Some faculty also feel that bigger classes will affect the dynamic between professors and students. Instructors might rely more on tests over essays in order to adjust to more students in the class, McLaughlin said.

“You just can’t increase the class size infinitely and not have impacts on the way the course is taught,” said Robert Colvin, a professor emeritus of physiology.

A classroom at Ohio University
[Oliva Roman | WOUB]
Sayrs said that class size caps are set by individual departments, colleges, and schools. Additional seats have also been created in a number of ways, for example, assigning some courses to larger spaces to accommodate the full maximum capacity of the course. 

She also said that in some cases, course sizes were increased when departments and colleges determined that the course format would allow for effective delivery at an increased size.

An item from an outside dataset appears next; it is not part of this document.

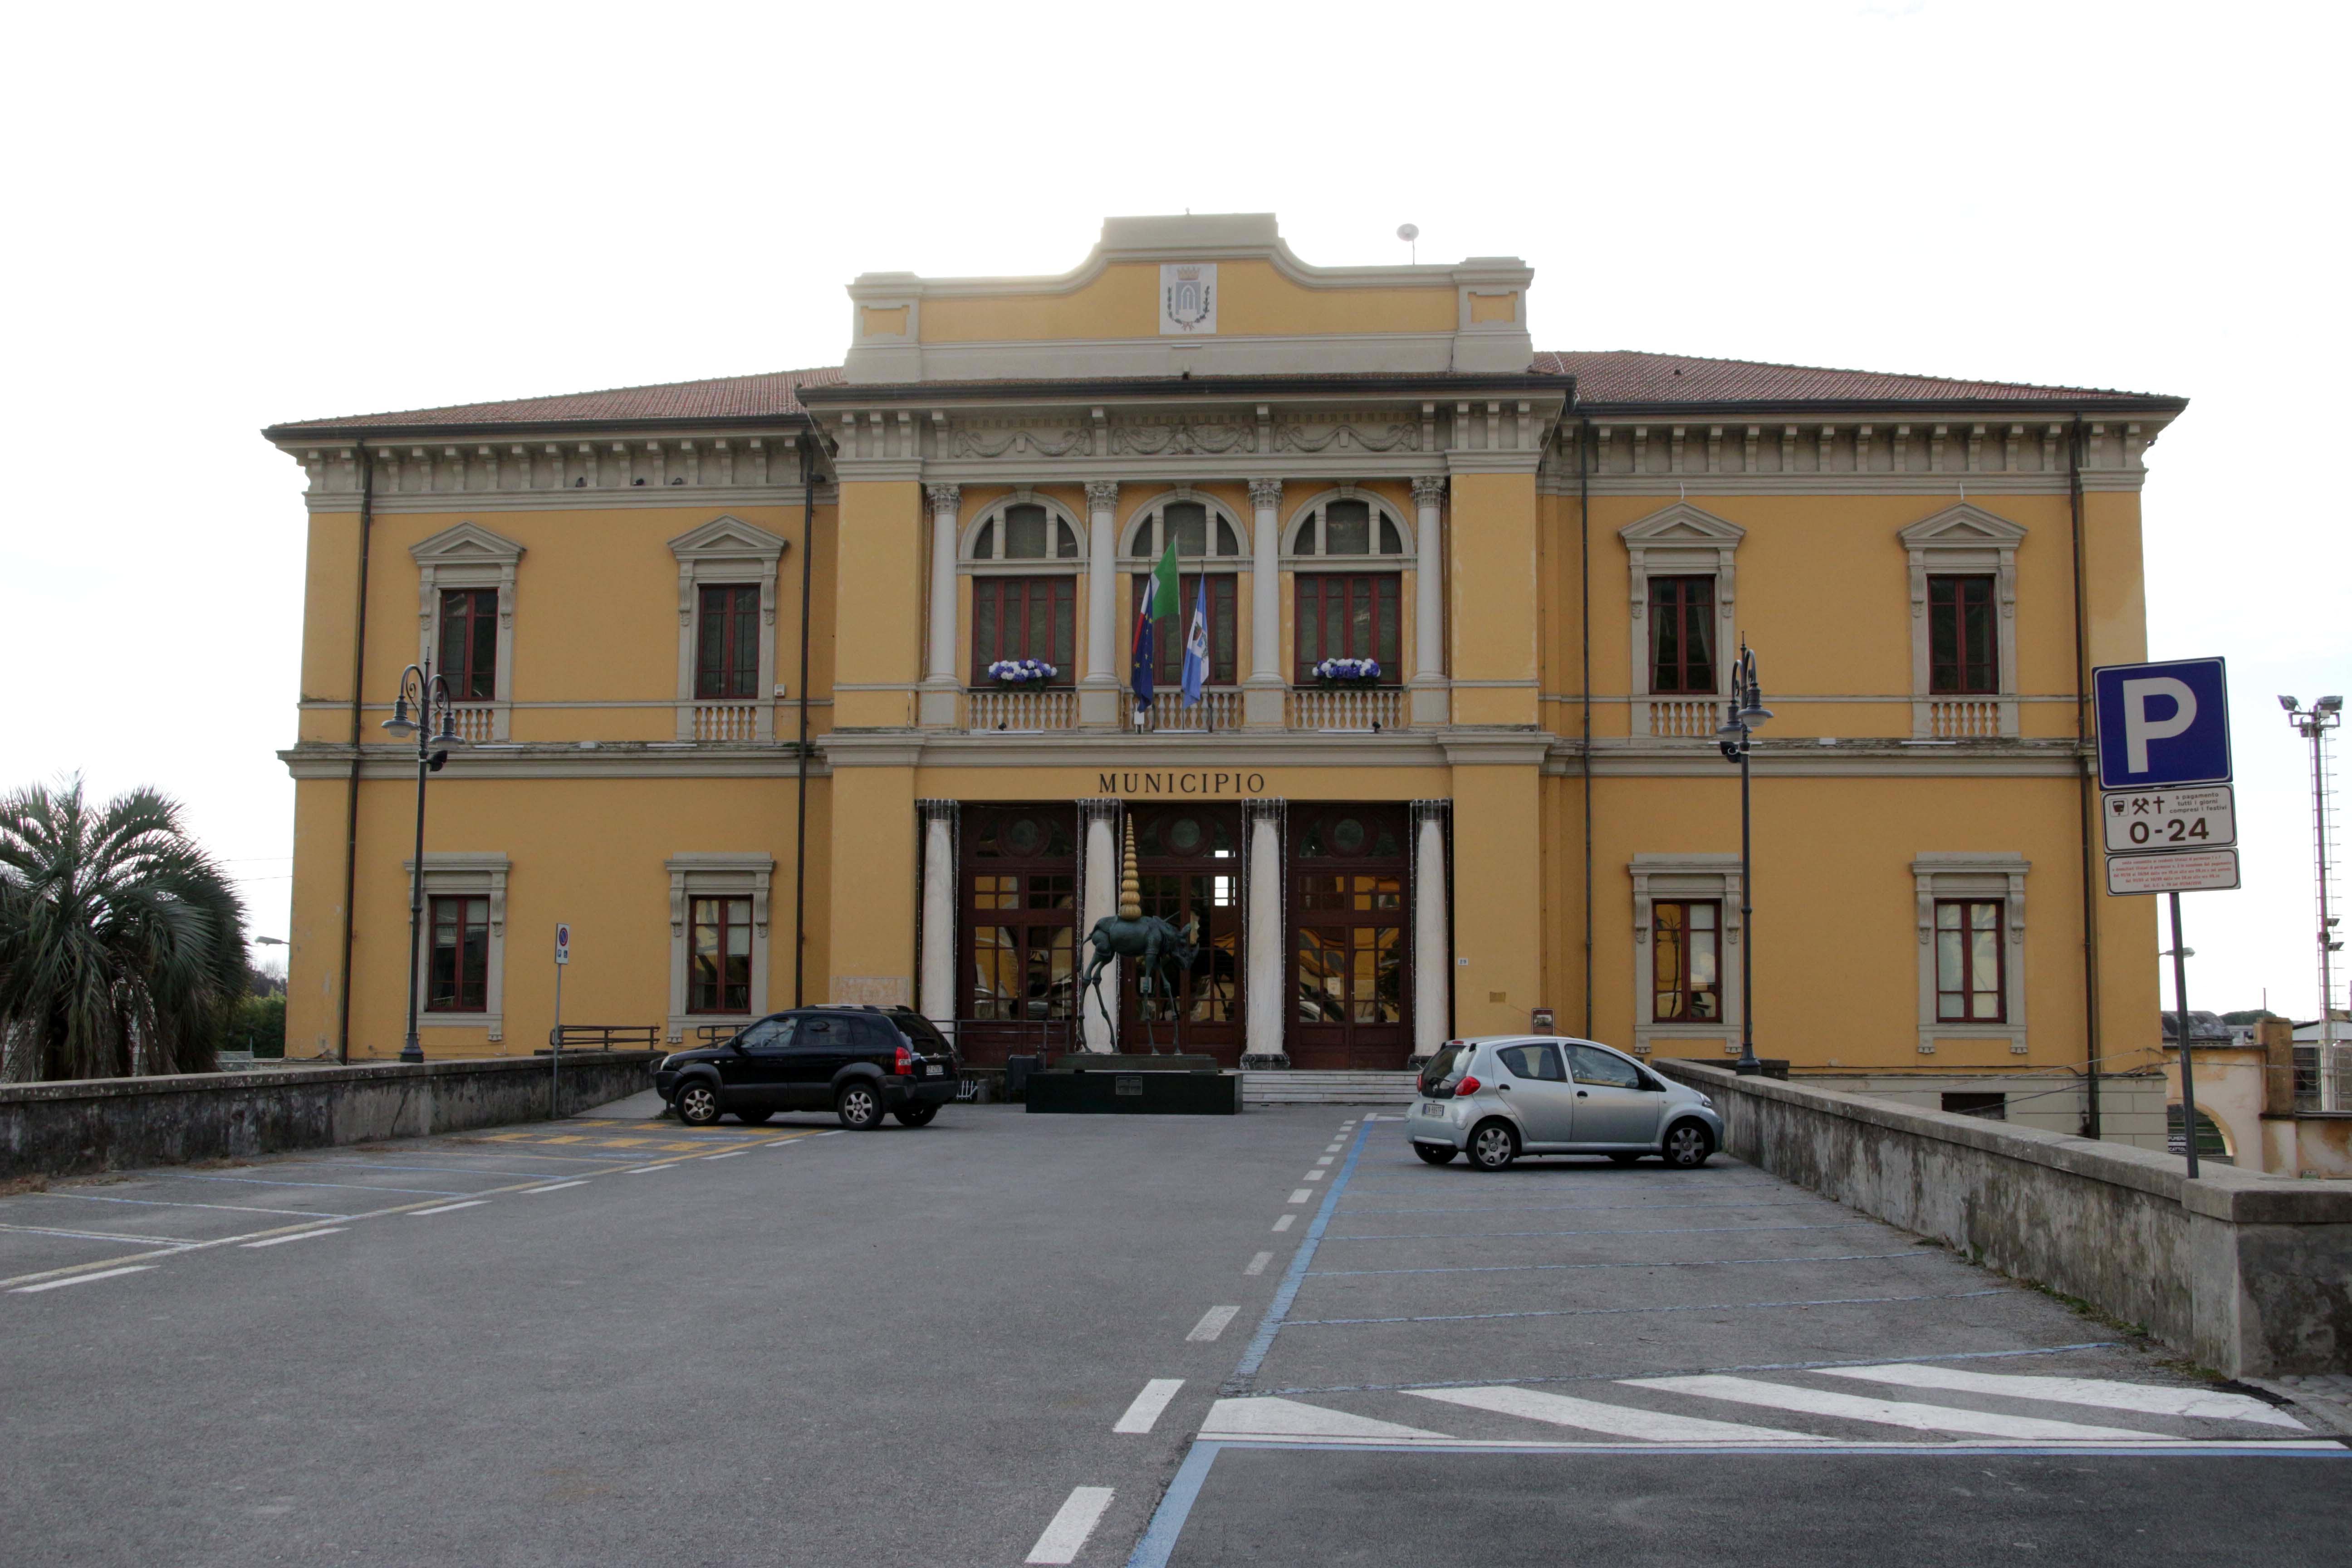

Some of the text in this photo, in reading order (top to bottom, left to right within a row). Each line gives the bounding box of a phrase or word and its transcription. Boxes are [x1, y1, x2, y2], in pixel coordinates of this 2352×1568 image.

Faculty also expressed concerns about the university’s plan for hiring tenure-track faculty, let alone faculty in general.

“We’re concerned because we don’t see any plans yet from the university for hiring tenure-track faculty,” Colvin said.

As enrollment projections increased throughout the spring, the provost’s office worked closely with colleges to start preparing for a larger incoming class, Sayrs said. “We continued to monitor enrollment … adding more sections as well as some more faculty hires as sections filled. The colleges are also already working to plan faculty needs for the next few years to meet the needs of larger incoming classes.”

Sayrs also said it is important to know that the colleges are responsible for submitting faculty position requests to the provost. Student enrollment increases are not evenly distributed, so staffing plans are different for different colleges and departments.

Overall, Sayrs said the university’s “desired enrollment trajectory does include some growth, but the university does not expect continued year-over-year increases at the scale we have seen in this post-pandemic rebound.”